Coluna

Juros continuam tão altos como em 2014, quando taxa básica era de 11%

Publicado por: Sheyla Sousa | Postado em: 01 de janeiro de 2020

A
inadimplência vem caindo e atingiu, ao longo de 2019, os níveis mais baixos na
série histórica, derrubando igualmente a necessidade de os bancos “reservarem” (provisionarem)
dinheiro em seus balanços para fazer frente a eventuais “calotes” de tomadores
de empréstimos.
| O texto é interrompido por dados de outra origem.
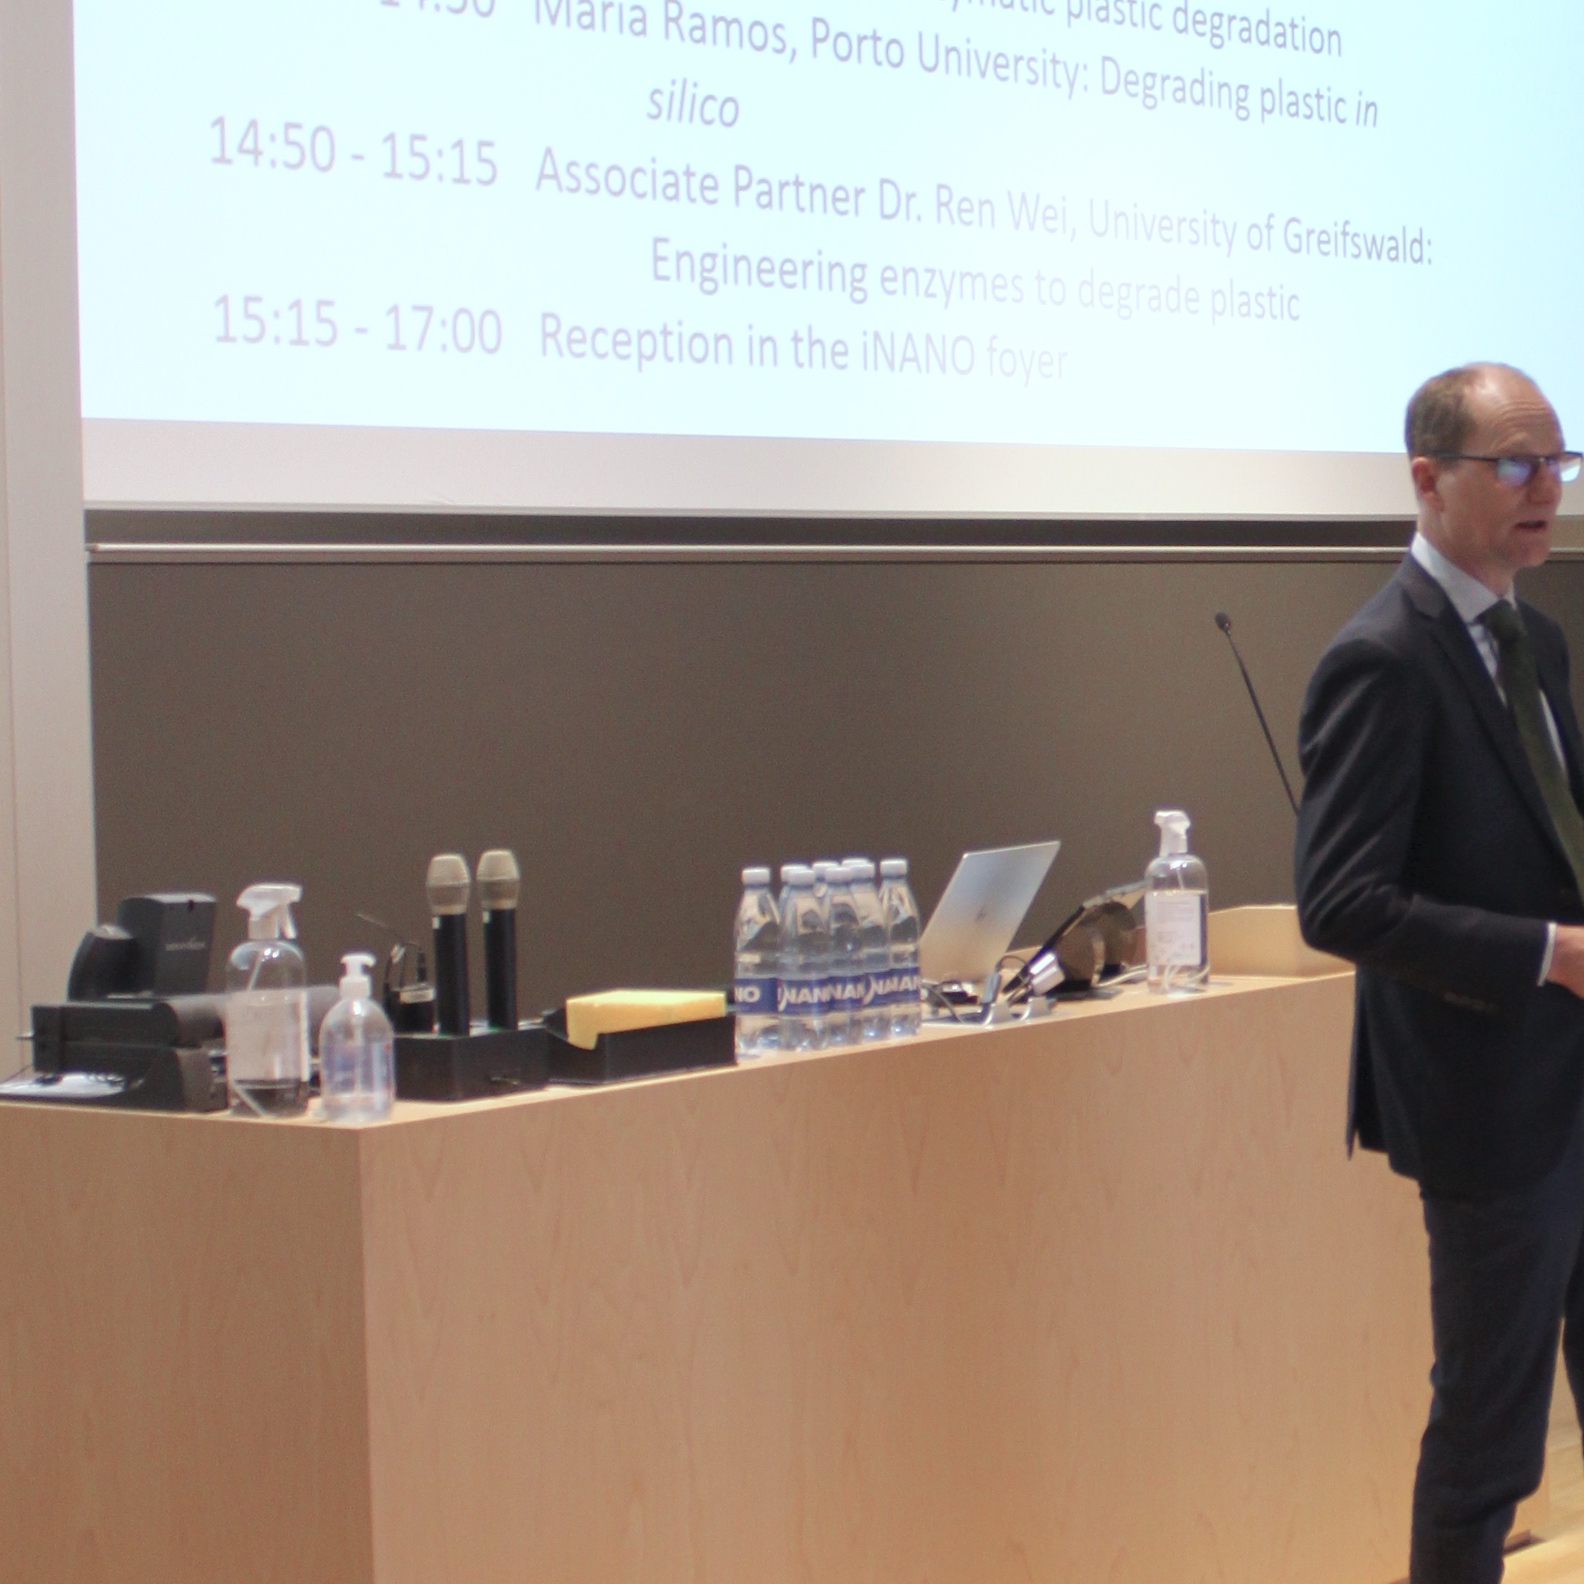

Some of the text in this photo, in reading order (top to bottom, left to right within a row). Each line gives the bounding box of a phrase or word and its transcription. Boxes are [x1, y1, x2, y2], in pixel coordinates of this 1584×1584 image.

Da mesma forma, a redução dos recolhimentos compulsórios do
sistema financeiro ao Banco Central (BC) fez cair seu peso sobre as operações
de crédito, liberando mais recursos para novos empréstimos e financiamentos, o
que, ao menos em tese, deveria contribuir pra tornar o custo do dinheiro mais
baixo.

Mesmo
o crédito direcionado, alvo de uma campanha difamatória incansável nos últimos
anos, perdeu importância relativa e continua encolhendo, resultado das
políticas ultraliberais comandadas pelo ministro dos mercados. A chamada taxa
Selic, que define os juros básicos na economia, sob orquestração do Comitê de
Política Monetária (Copom), desabou para 4,50%, o nível mais baixo em toda a
série histórica, sinalizando uma taxa real ao redor de 0,5% ao ano. A despeito
de tudo e contra todas as evidências, os juros cobrados pelos bancos na média
das operações contratadas a taxas livres mantêm-se exatamente onde estavam
quando os juros básicos eram 6,5 pontos mais elevados.

No
segmento de crédito livre, a inadimplência saiu de 4,58% em maio de 2014 para 5,74%
em novembro de 2016 e baixou para 3,84% no mesmo mês deste ano, levemente
inferior à taxa de 3,97% registrada em novembro de 2018. O recolhimento
compulsório dos bancos, que representava 14,14% das operações de crédito em
maio de 2014, havia subido para 15,42% em setembro de 2017 e, em novembro deste
ano, passou a corresponder a 13,10%, liberando para o sistema algo como R$ 25,5
bilhões em pouco mais de dois anos. As provisões, por sua vez, caíram de 6,6%
em novembro de 2017 para 6,1% em igual período deste ano (duas vezes mais do
que a inadimplência geral no sistema financeiro). Em maio de 2014, os juros
médios no crédito livre eram de 35,96% ao ano, diante de uma taxa básica anual
de 11,0% (uma diferença de 3,27 vezes). Os juros básicos estavam em 5,0% em
novembro, mas os juros dos bancos, ainda no crédito livre, atingiram 36,15%
(com a diferença entre as duas taxas saltando para 7,25 vezes).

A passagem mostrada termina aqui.